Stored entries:
________
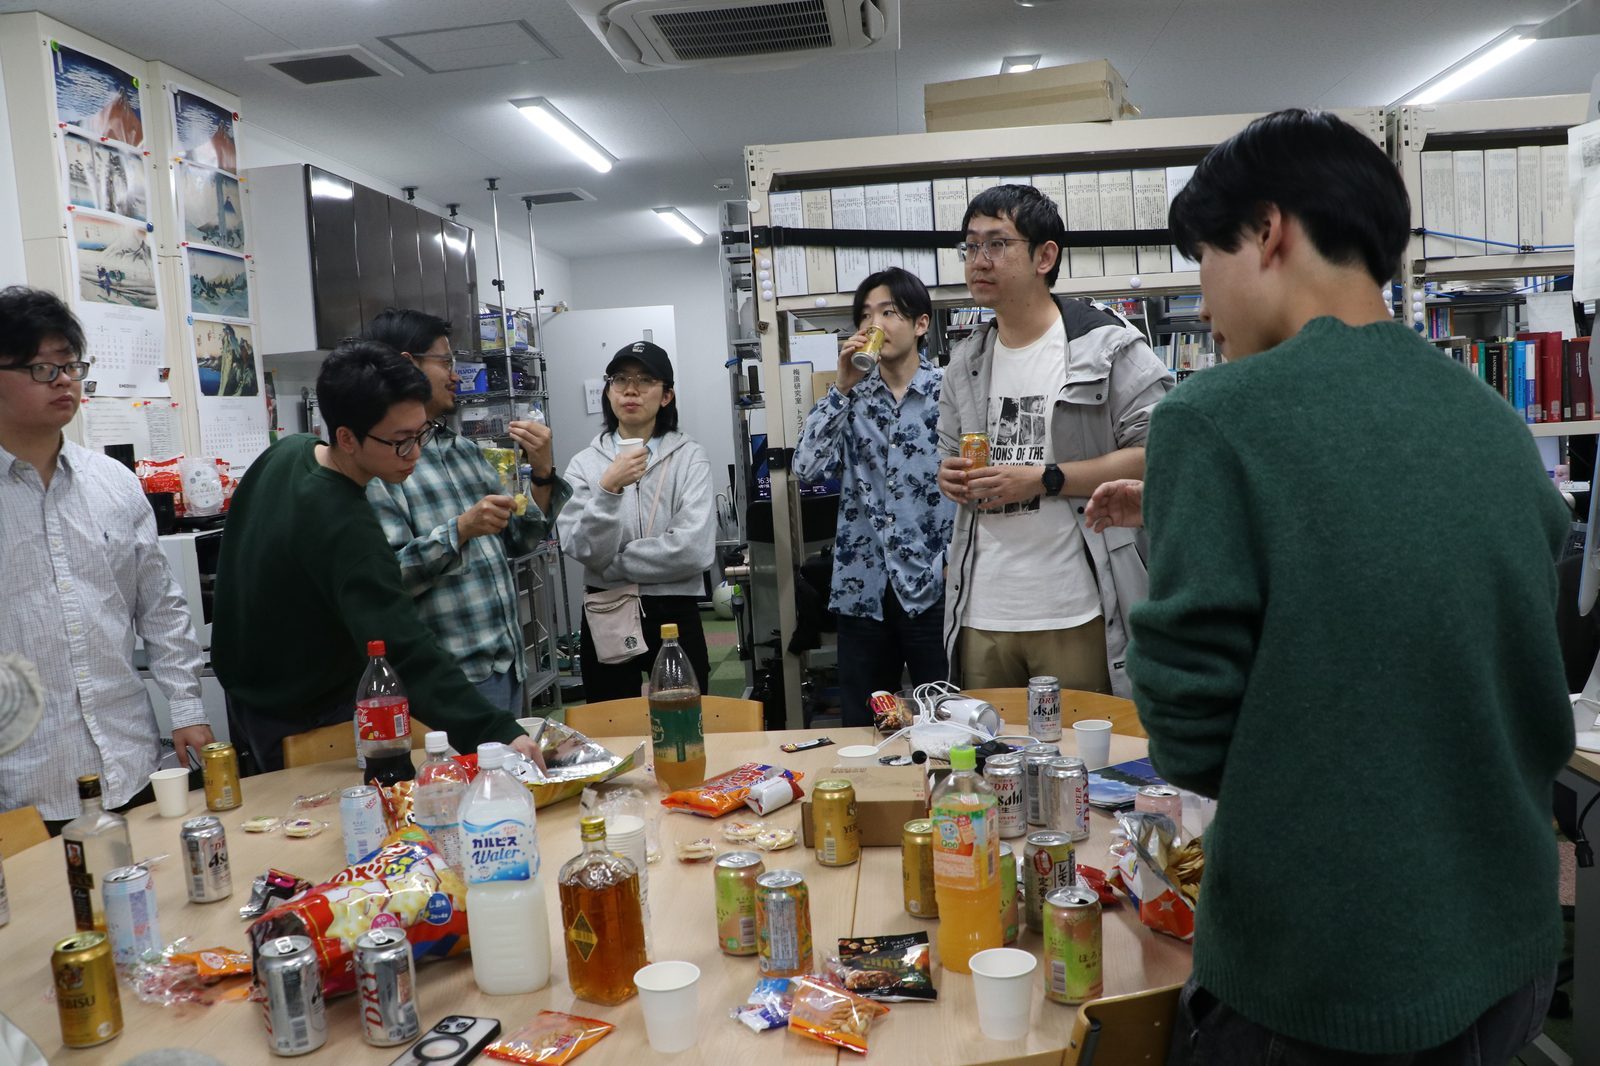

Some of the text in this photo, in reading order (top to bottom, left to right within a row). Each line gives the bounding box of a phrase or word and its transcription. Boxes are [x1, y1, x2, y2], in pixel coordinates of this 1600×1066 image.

[1016, 447, 1027, 461] OF
[1028, 446, 1044, 460] THE
[1033, 704, 1061, 716] Asahi
[997, 789, 1023, 806] sahi
[472, 836, 518, 849] カルピス
[941, 839, 958, 849] Qoo
[471, 848, 520, 865] Water
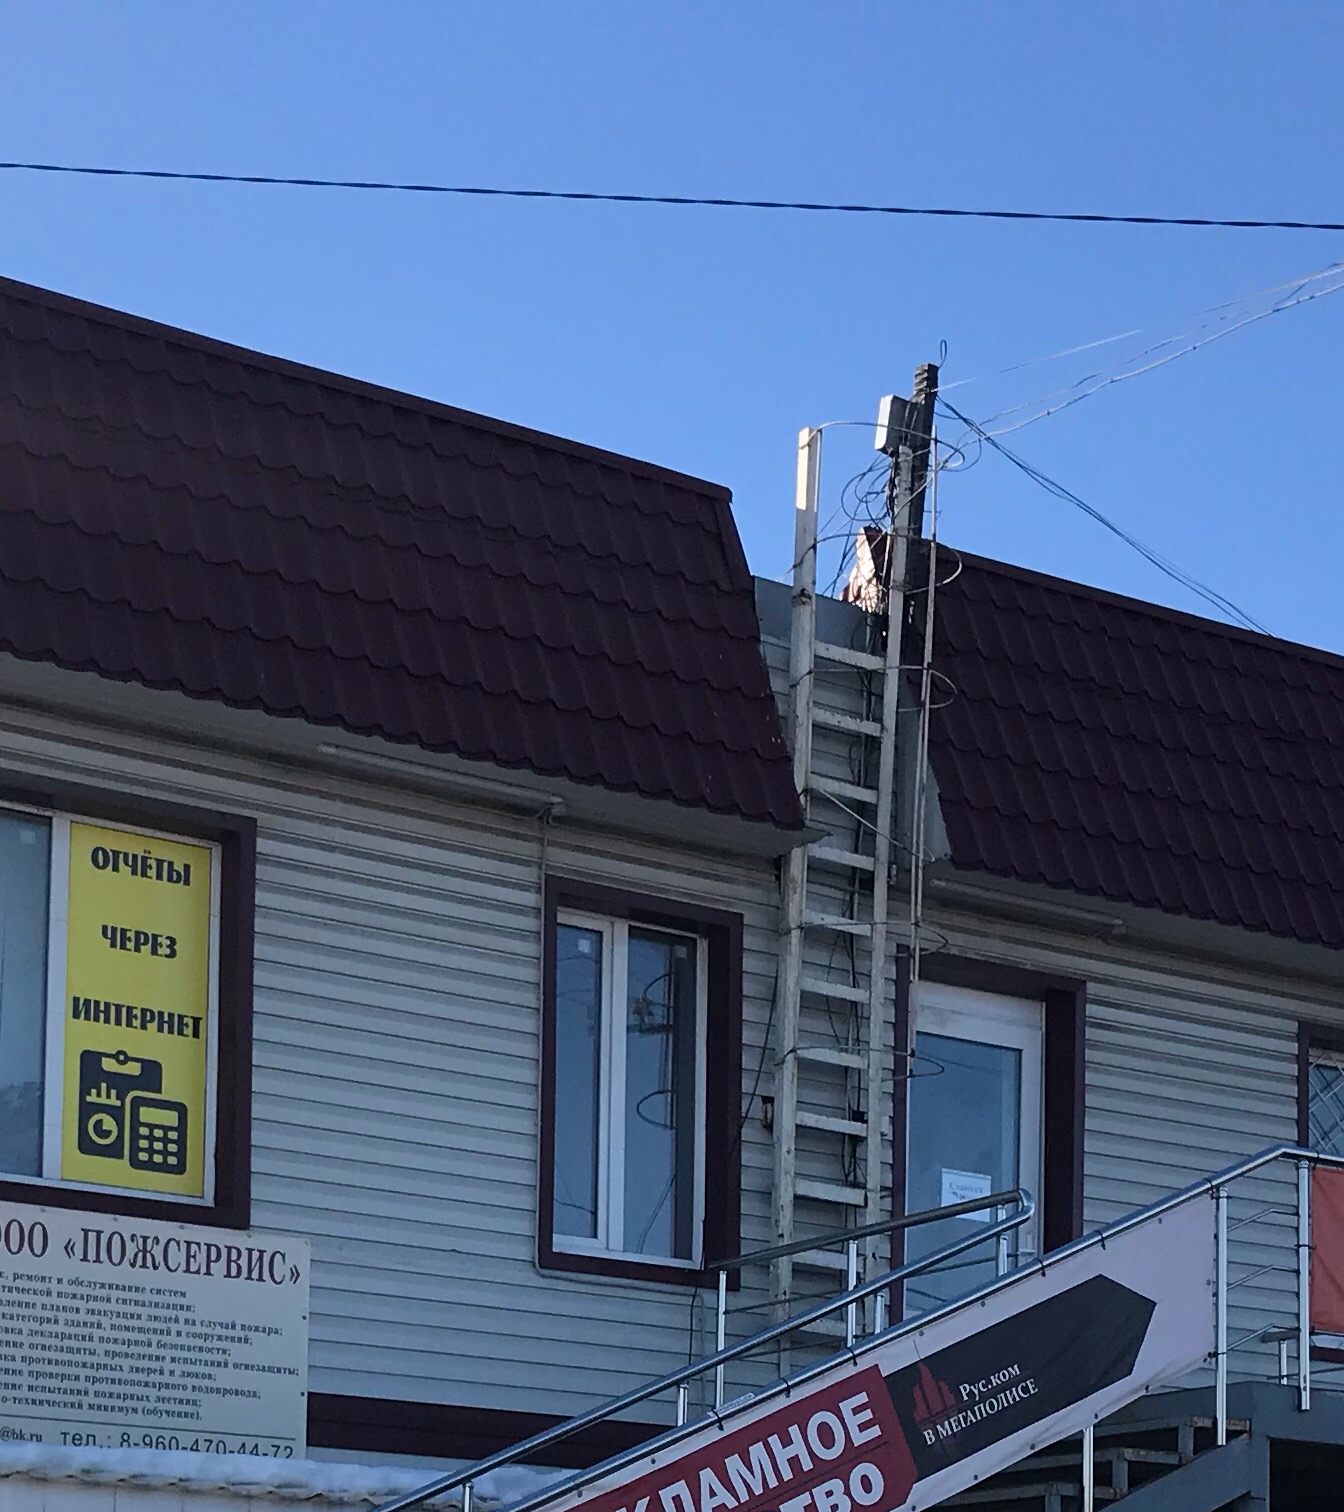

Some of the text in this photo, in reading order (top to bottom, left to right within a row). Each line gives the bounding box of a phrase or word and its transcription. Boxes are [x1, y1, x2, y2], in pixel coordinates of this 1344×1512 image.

[91, 846, 192, 887] ОТЧЁТЫ
[101, 924, 178, 959] ЧЕРЕЗ
[72, 996, 203, 1039] ИНТЕРНЕТ
[64, 1226, 301, 1287] «ПОЖСЕРВИС»
[12, 1271, 53, 1284] ремонт
[67, 1276, 146, 1294] обслуживание
[149, 1286, 187, 1299] систем
[56, 1289, 112, 1305] пожарной
[1, 1311, 60, 1326] категорий
[110, 1324, 172, 1337] помещений
[186, 1331, 253, 1346] сооружений;
[41, 1301, 81, 1315] планов
[84, 1307, 142, 1322] эвакуации
[146, 1312, 180, 1325] людей
[200, 1319, 237, 1331] случай
[240, 1323, 283, 1337] пожара;
[27, 1328, 94, 1343] деклараций
[98, 1336, 152, 1349] пожарной
[156, 1338, 232, 1358] безопасности;
[20, 1355, 124, 1373] противопожарных
[127, 1364, 164, 1377] дверей
[104, 1350, 167, 1363] проведение
[170, 1353, 229, 1369] испытаний
[27, 1369, 81, 1384] проверки
[84, 1375, 188, 1393] противопожарного
[27, 1383, 90, 1398] испытаний
[93, 1390, 151, 1404] пожарных
[958, 1363, 1021, 1403] Рус.ком
[87, 1401, 139, 1416] минимум
[923, 1378, 1039, 1446] В МЕГАПОЛИСЕ
[119, 1431, 294, 1459] 8-960-470-44-72
________
### ASSIGNED TASK
Could you write out every record exactly, leaving the pictures out?

### RESPONSE AREA
Some of the text in this photo, in reading order (top to bottom, left to right within a row). Each line gives the bounding box of a phrase or word and its transcription. Boxes are [x1, y1, x2, y2], in pixel coordinates of this 1600×1066 image.

[1016, 447, 1027, 461] OF
[1028, 446, 1044, 460] THE
[1033, 704, 1061, 716] Asahi
[997, 789, 1023, 806] sahi
[472, 836, 518, 849] カルピス
[941, 839, 958, 849] Qoo
[471, 848, 520, 865] Water

Some of the text in this photo, in reading order (top to bottom, left to right within a row). Each line gives the bounding box of a phrase or word and its transcription. Boxes are [x1, y1, x2, y2], in pixel coordinates of this 1344×1512 image.

[91, 846, 192, 887] ОТЧЁТЫ
[101, 924, 178, 959] ЧЕРЕЗ
[72, 996, 203, 1039] ИНТЕРНЕТ
[64, 1226, 301, 1287] «ПОЖСЕРВИС»
[12, 1271, 53, 1284] ремонт
[67, 1276, 146, 1294] обслуживание
[149, 1286, 187, 1299] систем
[56, 1289, 112, 1305] пожарной
[1, 1311, 60, 1326] категорий
[110, 1324, 172, 1337] помещений
[186, 1331, 253, 1346] сооружений;
[41, 1301, 81, 1315] планов
[84, 1307, 142, 1322] эвакуации
[146, 1312, 180, 1325] людей
[200, 1319, 237, 1331] случай
[240, 1323, 283, 1337] пожара;
[27, 1328, 94, 1343] деклараций
[98, 1336, 152, 1349] пожарной
[156, 1338, 232, 1358] безопасности;
[20, 1355, 124, 1373] противопожарных
[127, 1364, 164, 1377] дверей
[104, 1350, 167, 1363] проведение
[170, 1353, 229, 1369] испытаний
[27, 1369, 81, 1384] проверки
[84, 1375, 188, 1393] противопожарного
[27, 1383, 90, 1398] испытаний
[93, 1390, 151, 1404] пожарных
[958, 1363, 1021, 1403] Рус.ком
[87, 1401, 139, 1416] минимум
[923, 1378, 1039, 1446] В МЕГАПОЛИСЕ
[119, 1431, 294, 1459] 8-960-470-44-72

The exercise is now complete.